目的
因为我们的图数据库从neo4j社区版转到nebula graph方向。最近在项目压测的时候,一开始很平稳,运行一段时间后,NQL会越来越慢,发现性能巨差。nebula经常卡死,表现为:
- nebula-storaged.service和nebula-graphd.service服务经常挂掉。
- 业务侧反馈执行什么NQL都很慢
- nebula show query里发现有大量(300-500个)running的进程。平时很快的NQL也卡在那
系统资源
- 内存紧张 ,大量的虚拟内存被占用
- io,cpu也较高
在做了一些参数调优后,发现状态有所缓解,但是一段时间后,还是会慢慢卡死,从现象上推测是有一种或几种慢NQL多次执行后,把系统资源消耗完了,导致大面积的堵塞。
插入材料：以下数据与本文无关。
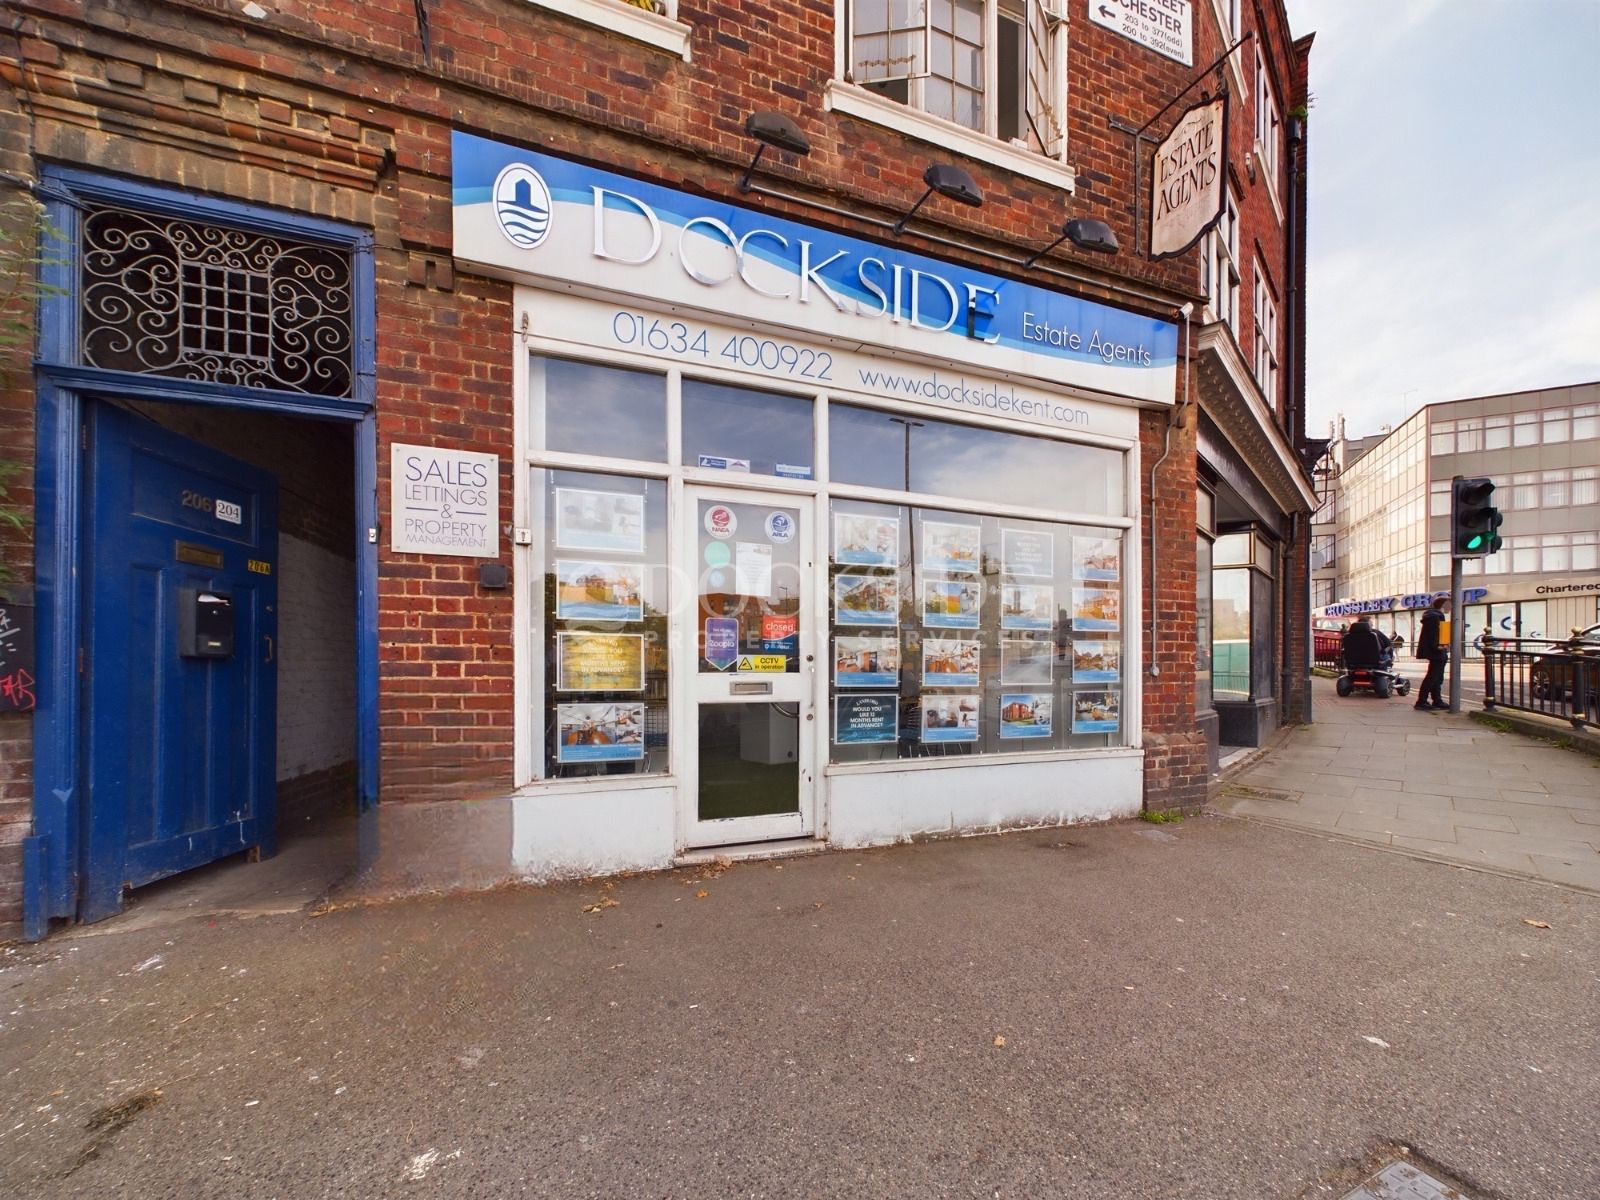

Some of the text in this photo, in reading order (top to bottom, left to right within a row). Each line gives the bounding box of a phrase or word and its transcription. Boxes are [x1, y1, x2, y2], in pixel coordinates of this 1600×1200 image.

所以面临的需求还是要有个慢查询排查工具。
参考上一次做oracle慢日志收集展示的方法, https://www.dboop.com/oracle/oracle%E6%80%8E%E6%A0%B7%E5%AE%9E%E6%97%B6%E6%94%B6%E9%9B%86%E5%B1%95%E7%A4%BA%E6%85%A2%E6%9F%A5%E8%AF%A2/
变化的是:
- 因为nebula的集群就一个,不需要做oracle慢日志的大表套小表,数担据量不大就建了一张monitor_nebula_slow表存放数据.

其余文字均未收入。